Whatever comes before the line containing "this 1600×1067 image." stays out; transcribe that line and all that follow to the end of the records exactly, with no pictures.

:: INFORMATION ::

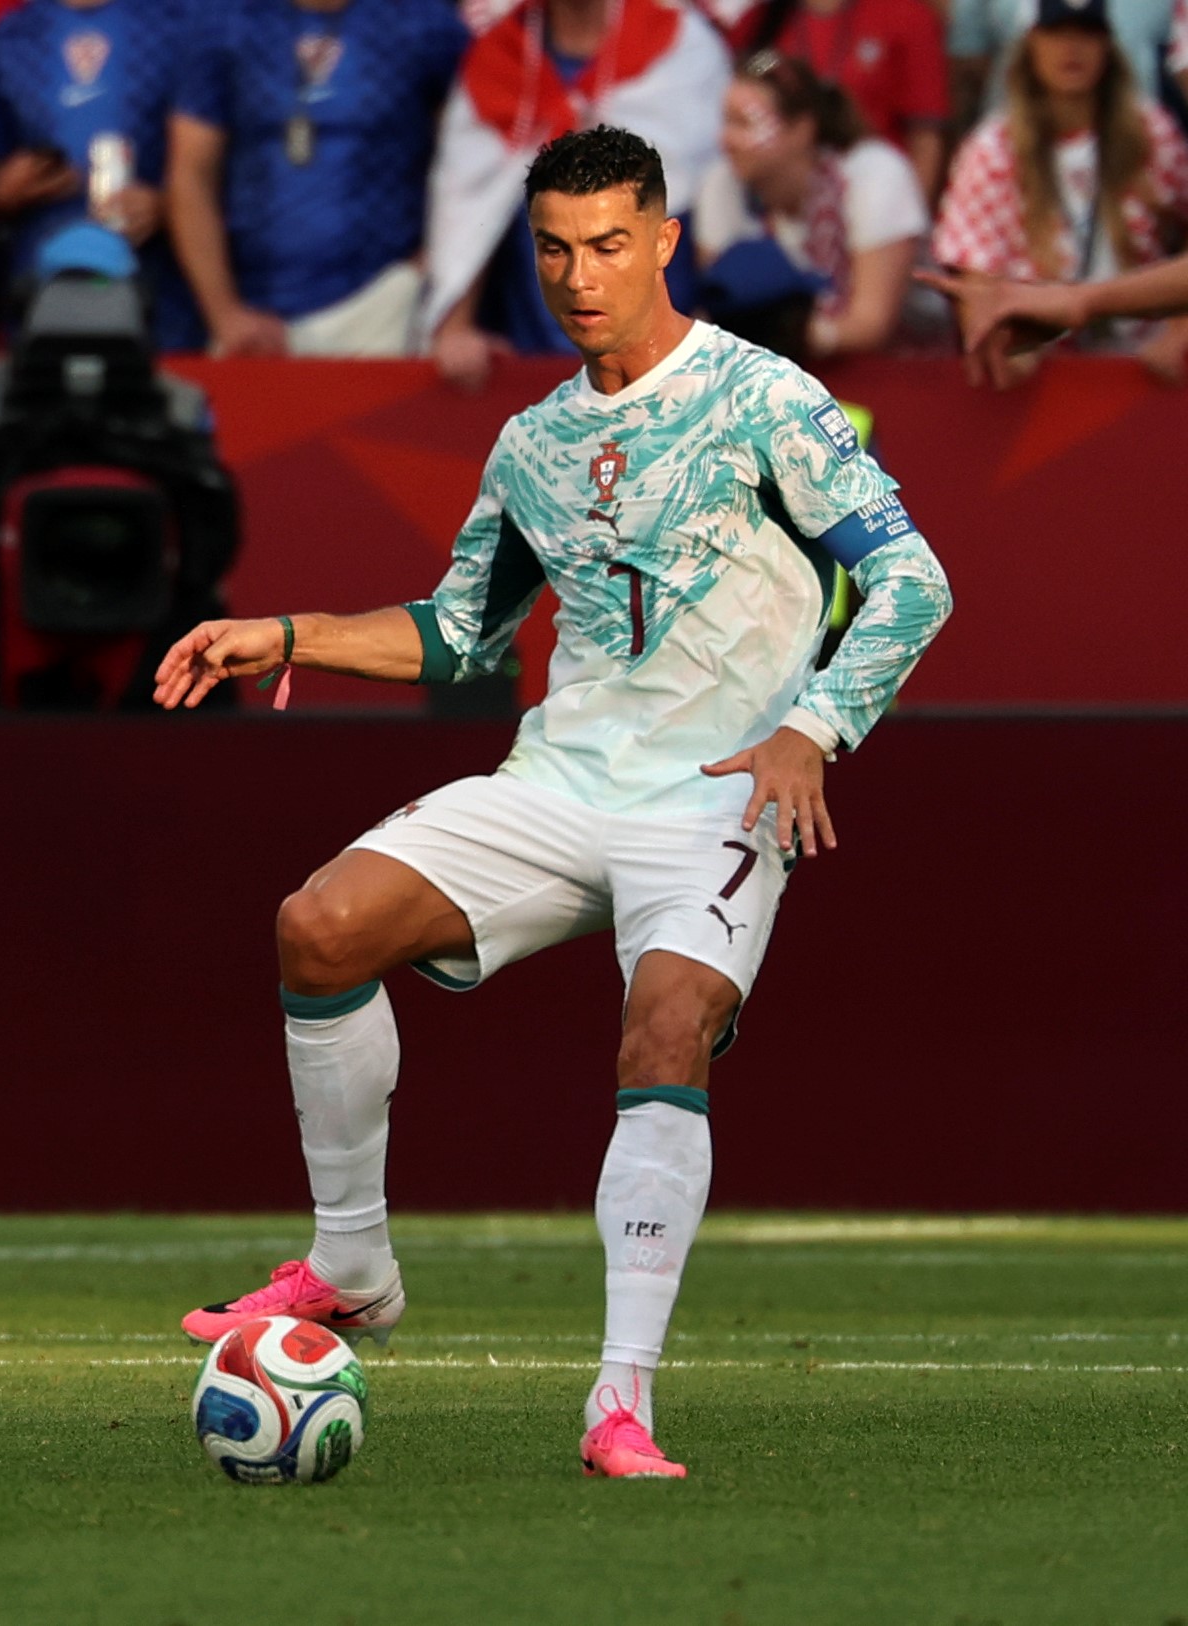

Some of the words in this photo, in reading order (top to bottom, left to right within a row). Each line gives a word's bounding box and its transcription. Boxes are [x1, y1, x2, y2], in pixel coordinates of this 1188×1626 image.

[856, 491, 902, 519] UNITE
[607, 563, 644, 655] 7
[718, 840, 759, 901] 7
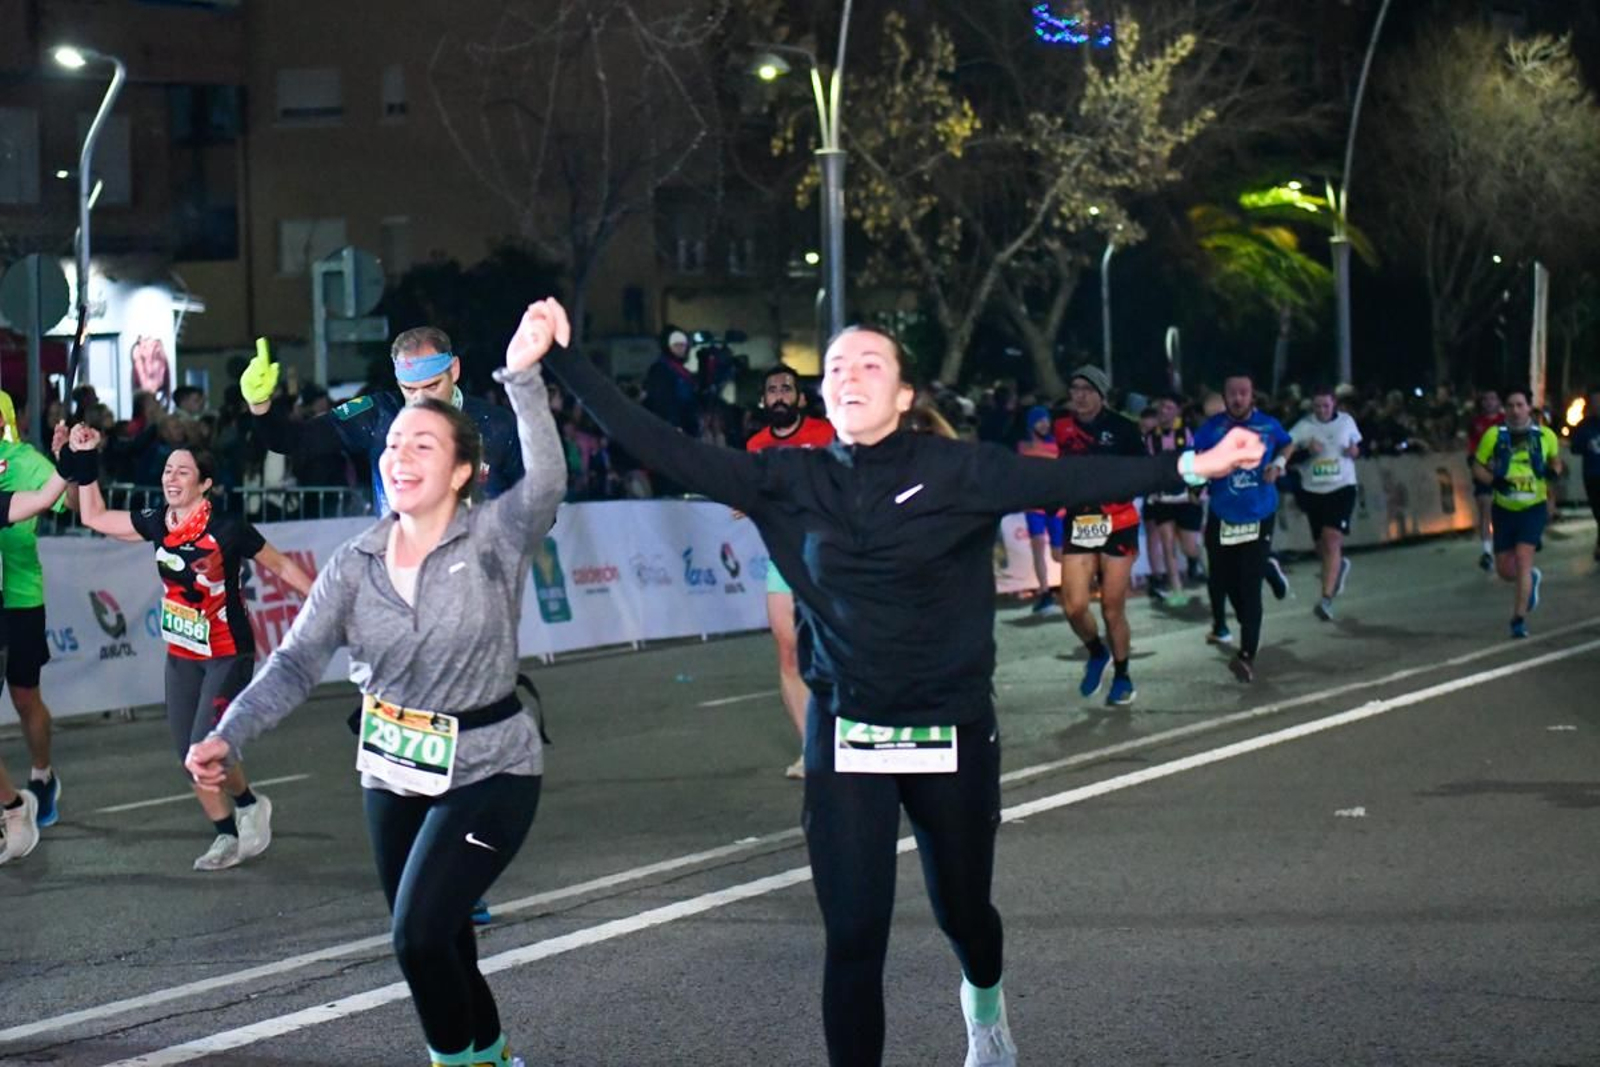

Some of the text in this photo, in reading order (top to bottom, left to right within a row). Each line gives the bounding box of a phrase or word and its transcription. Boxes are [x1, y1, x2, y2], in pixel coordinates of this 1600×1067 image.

[1076, 523, 1108, 538] 9660
[164, 612, 206, 640] 1056
[368, 717, 446, 766] 2970
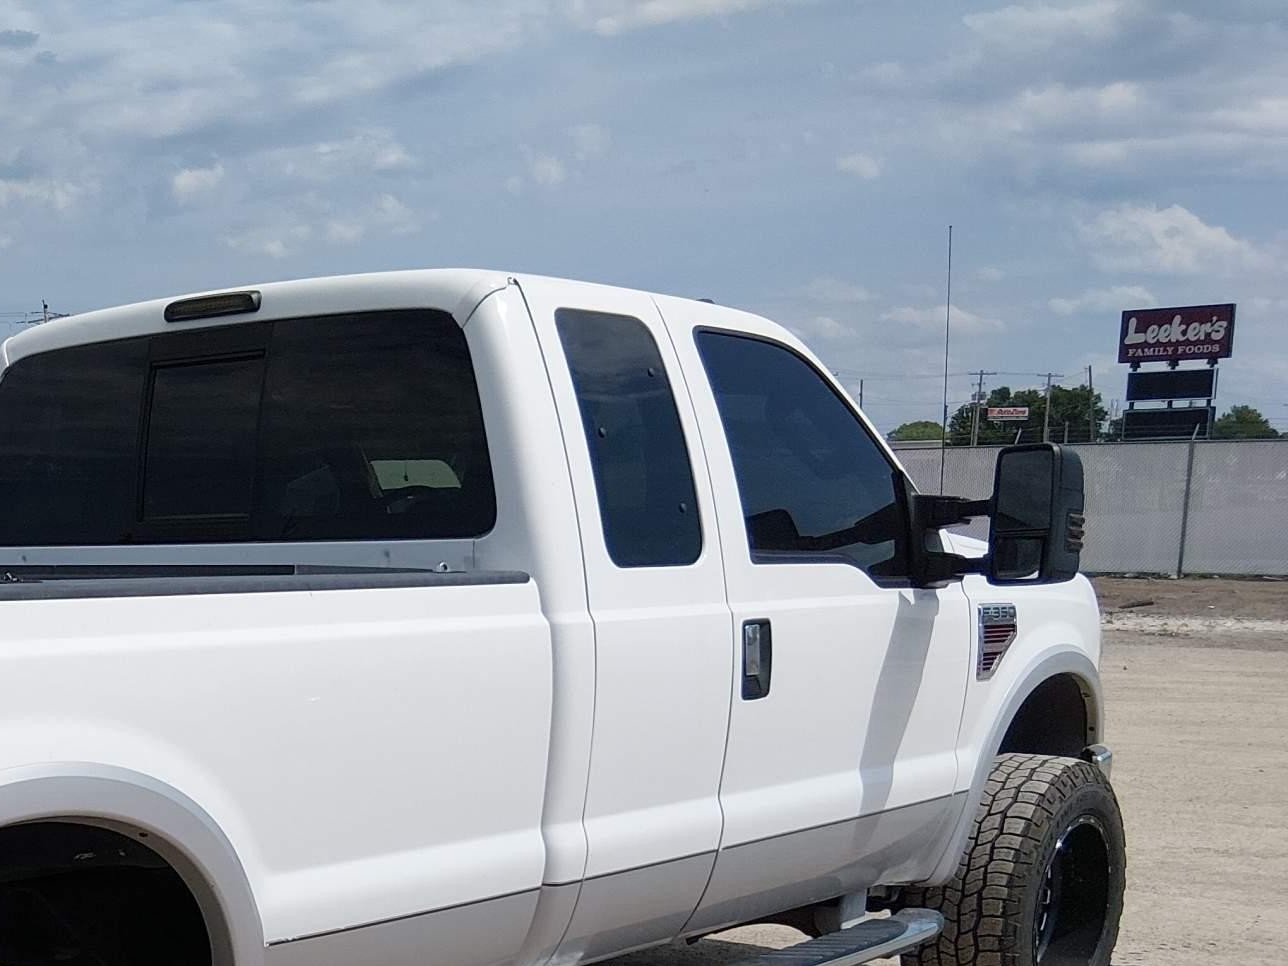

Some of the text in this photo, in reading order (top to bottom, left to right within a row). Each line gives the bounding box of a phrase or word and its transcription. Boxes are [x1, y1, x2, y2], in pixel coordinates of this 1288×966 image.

:::

→ SOLUTION BELOW:
Some of the text in this photo, in reading order (top to bottom, left to right within a row). Each line gives the bounding box of a phrase or word and its transcription. Boxes are [x1, y1, x2, y2], in pixel coordinates of this 1600×1067 image.

[1076, 523, 1108, 538] 9660
[164, 612, 206, 640] 1056
[368, 717, 446, 766] 2970

Some of the text in this photo, in reading order (top to bottom, left to right within a row). Each line gives the bounding box of a phrase or word and its transcription. Boxes are [x1, y1, x2, y2], in pixel coordinates of this 1288×966 image.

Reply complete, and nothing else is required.